Examining The Three Types of Special Needs Plans

What Are Special Needs?

If you are diagnosed with HIV/AIDS in America, it is no longer the death sentence it once was. In the 1980s, the Covid Czar we now know as Dr. Anthony Fauci made his name by encouraging people to care about HIV/AIDS. In the 1970s and 1980s, HIV was unfairly labeled as a “homosexual disease” and thus it was stigmatized and ignored by the government. Famously, Ronald Reagan ignored the existence of the autoimmune disorder for the first several years of its existence. He did not even say the word AIDS for the majority of his presidency.

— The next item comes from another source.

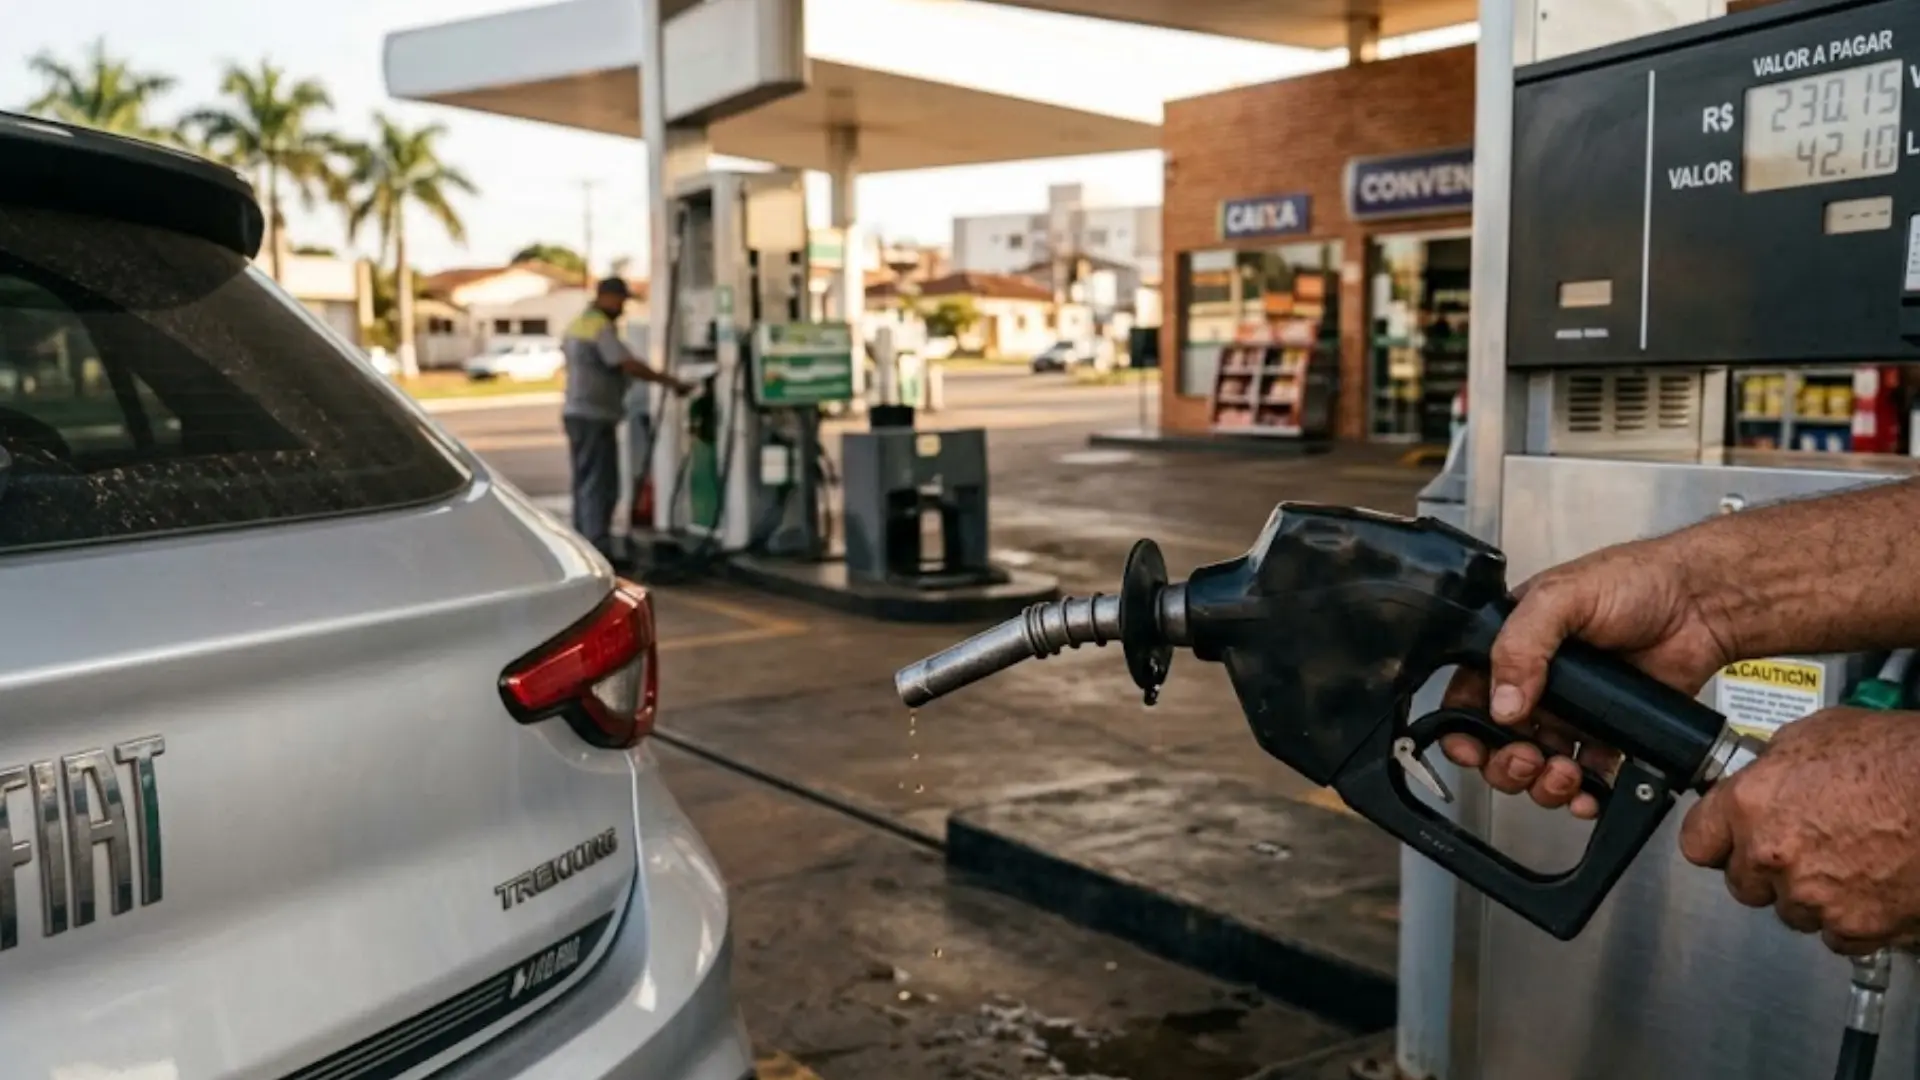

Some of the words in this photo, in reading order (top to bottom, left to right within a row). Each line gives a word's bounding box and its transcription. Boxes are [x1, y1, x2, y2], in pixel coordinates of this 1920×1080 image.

Therefore when we think about Special Needs in the United States, we are thinking about a group of ailments, illnesses, diseases that most Americans tend to sideline and ignore. So the fact that Medicaid (https://www.hhs.gov/answers/medicare-and-medicaid/index.html) has carved out a space for Special Needs Plans is actually indicative of a massive step forward in a society that curbs and stunts the needs of people who are not like everyone else. By no means can we suggest that Americans do not care about people who are struggling. The American government, however, has not historically placed the needs of its people over potential profits.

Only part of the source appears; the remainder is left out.